== Problem details ==
Leaving out the images, please reproduce each line below exactly.

____ Supplied material

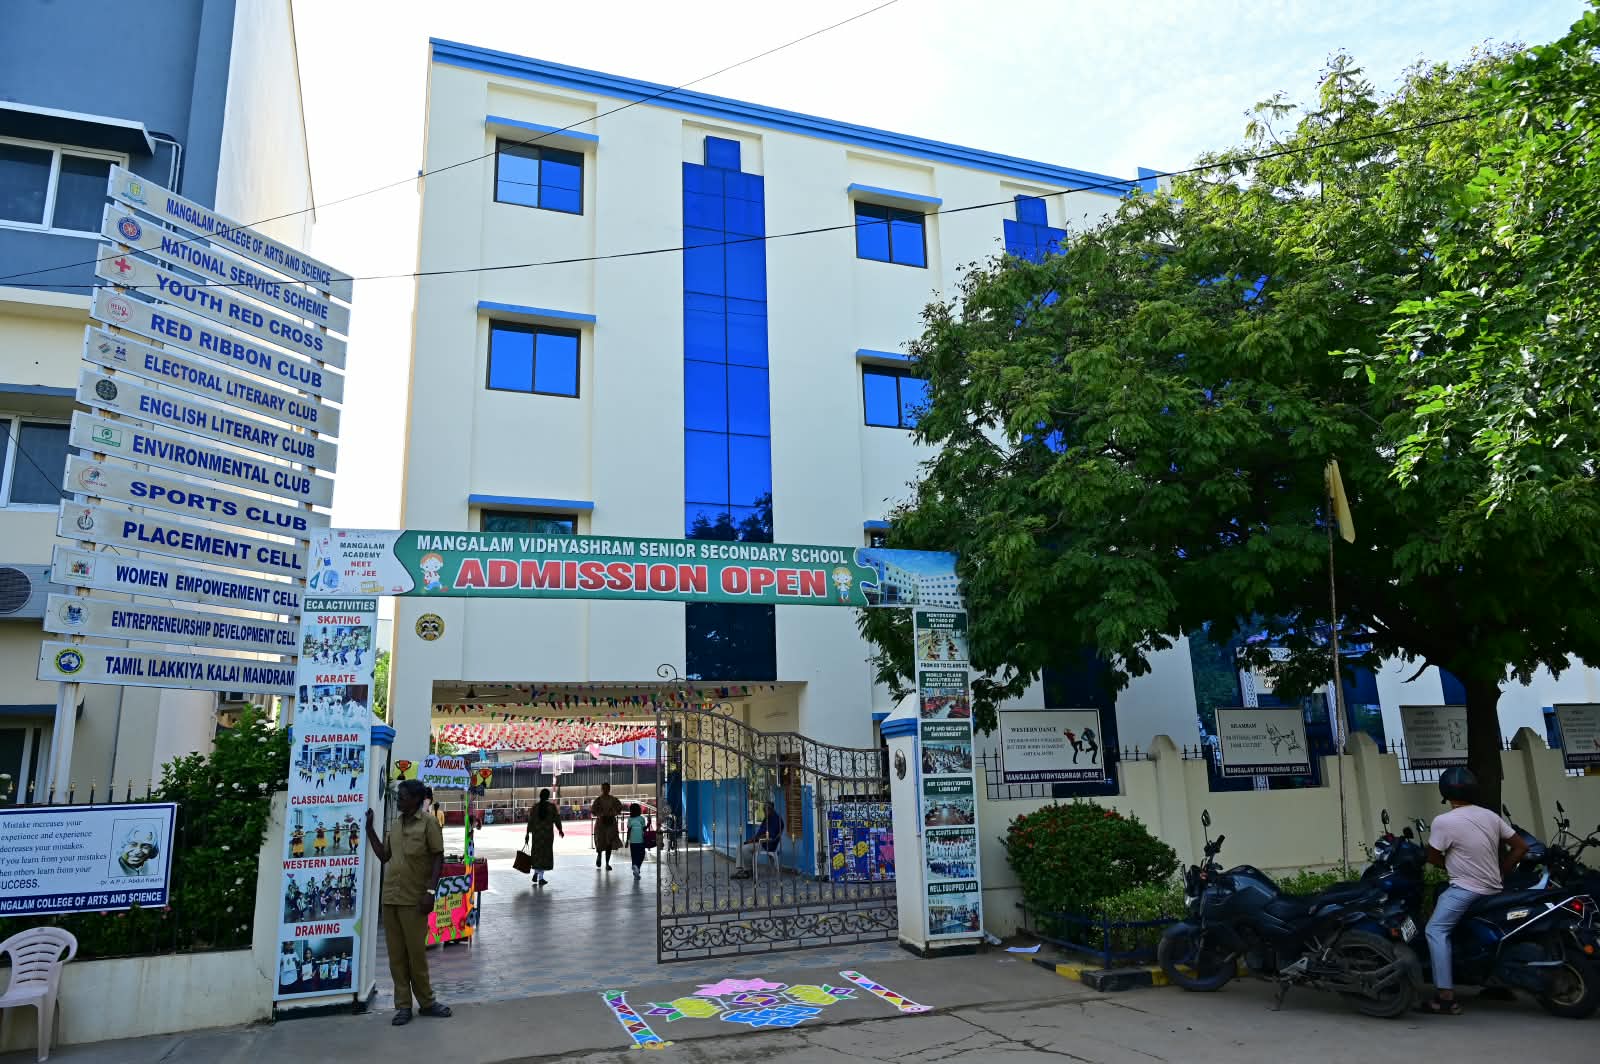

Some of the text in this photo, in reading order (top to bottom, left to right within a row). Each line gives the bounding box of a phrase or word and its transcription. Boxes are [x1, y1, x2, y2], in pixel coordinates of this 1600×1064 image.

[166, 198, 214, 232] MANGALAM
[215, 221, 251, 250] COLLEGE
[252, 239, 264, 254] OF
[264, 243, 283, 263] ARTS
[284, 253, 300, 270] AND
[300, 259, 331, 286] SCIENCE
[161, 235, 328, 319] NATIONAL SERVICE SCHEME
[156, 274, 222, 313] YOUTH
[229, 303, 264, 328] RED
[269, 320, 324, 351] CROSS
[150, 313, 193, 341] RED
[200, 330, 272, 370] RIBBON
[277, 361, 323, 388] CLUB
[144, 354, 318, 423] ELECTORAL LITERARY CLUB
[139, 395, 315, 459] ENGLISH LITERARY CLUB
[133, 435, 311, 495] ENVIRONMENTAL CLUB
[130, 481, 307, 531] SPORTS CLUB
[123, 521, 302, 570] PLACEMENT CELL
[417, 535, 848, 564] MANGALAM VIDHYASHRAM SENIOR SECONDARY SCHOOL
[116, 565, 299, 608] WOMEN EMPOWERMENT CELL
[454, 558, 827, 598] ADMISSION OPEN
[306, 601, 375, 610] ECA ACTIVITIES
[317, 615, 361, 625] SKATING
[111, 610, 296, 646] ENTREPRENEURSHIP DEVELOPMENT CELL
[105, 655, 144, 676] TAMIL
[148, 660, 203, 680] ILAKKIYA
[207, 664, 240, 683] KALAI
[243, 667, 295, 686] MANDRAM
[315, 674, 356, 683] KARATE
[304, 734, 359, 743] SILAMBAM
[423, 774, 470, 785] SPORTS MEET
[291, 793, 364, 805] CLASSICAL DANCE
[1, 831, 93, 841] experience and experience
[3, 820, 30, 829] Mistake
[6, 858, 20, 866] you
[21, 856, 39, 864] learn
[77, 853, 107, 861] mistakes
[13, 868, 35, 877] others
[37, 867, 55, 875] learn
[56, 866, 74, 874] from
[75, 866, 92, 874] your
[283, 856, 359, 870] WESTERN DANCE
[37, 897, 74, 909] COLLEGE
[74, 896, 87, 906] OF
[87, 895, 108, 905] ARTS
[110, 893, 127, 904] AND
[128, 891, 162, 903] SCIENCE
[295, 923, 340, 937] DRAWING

________

== Your solution ==
Some of the text in this photo, in reading order (top to bottom, left to right within a row). Each line gives the bounding box of a phrase or word and its transcription. Boxes are [x1, y1, x2, y2], in pixel coordinates of this 1600×1064 image.

[166, 198, 214, 232] MANGALAM
[215, 221, 251, 250] COLLEGE
[252, 239, 264, 254] OF
[264, 243, 283, 263] ARTS
[284, 253, 300, 270] AND
[300, 259, 331, 286] SCIENCE
[161, 235, 328, 319] NATIONAL SERVICE SCHEME
[156, 274, 222, 313] YOUTH
[229, 303, 264, 328] RED
[269, 320, 324, 351] CROSS
[150, 313, 193, 341] RED
[200, 330, 272, 370] RIBBON
[277, 361, 323, 388] CLUB
[144, 354, 318, 423] ELECTORAL LITERARY CLUB
[139, 395, 315, 459] ENGLISH LITERARY CLUB
[133, 435, 311, 495] ENVIRONMENTAL CLUB
[130, 481, 307, 531] SPORTS CLUB
[123, 521, 302, 570] PLACEMENT CELL
[417, 535, 848, 564] MANGALAM VIDHYASHRAM SENIOR SECONDARY SCHOOL
[116, 565, 299, 608] WOMEN EMPOWERMENT CELL
[454, 558, 827, 598] ADMISSION OPEN
[306, 601, 375, 610] ECA ACTIVITIES
[317, 615, 361, 625] SKATING
[111, 610, 296, 646] ENTREPRENEURSHIP DEVELOPMENT CELL
[105, 655, 144, 676] TAMIL
[148, 660, 203, 680] ILAKKIYA
[207, 664, 240, 683] KALAI
[243, 667, 295, 686] MANDRAM
[315, 674, 356, 683] KARATE
[304, 734, 359, 743] SILAMBAM
[423, 774, 470, 785] SPORTS MEET
[291, 793, 364, 805] CLASSICAL DANCE
[1, 831, 93, 841] experience and experience
[3, 820, 30, 829] Mistake
[6, 858, 20, 866] you
[21, 856, 39, 864] learn
[77, 853, 107, 861] mistakes
[13, 868, 35, 877] others
[37, 867, 55, 875] learn
[56, 866, 74, 874] from
[75, 866, 92, 874] your
[283, 856, 359, 870] WESTERN DANCE
[37, 897, 74, 909] COLLEGE
[74, 896, 87, 906] OF
[87, 895, 108, 905] ARTS
[110, 893, 127, 904] AND
[128, 891, 162, 903] SCIENCE
[295, 923, 340, 937] DRAWING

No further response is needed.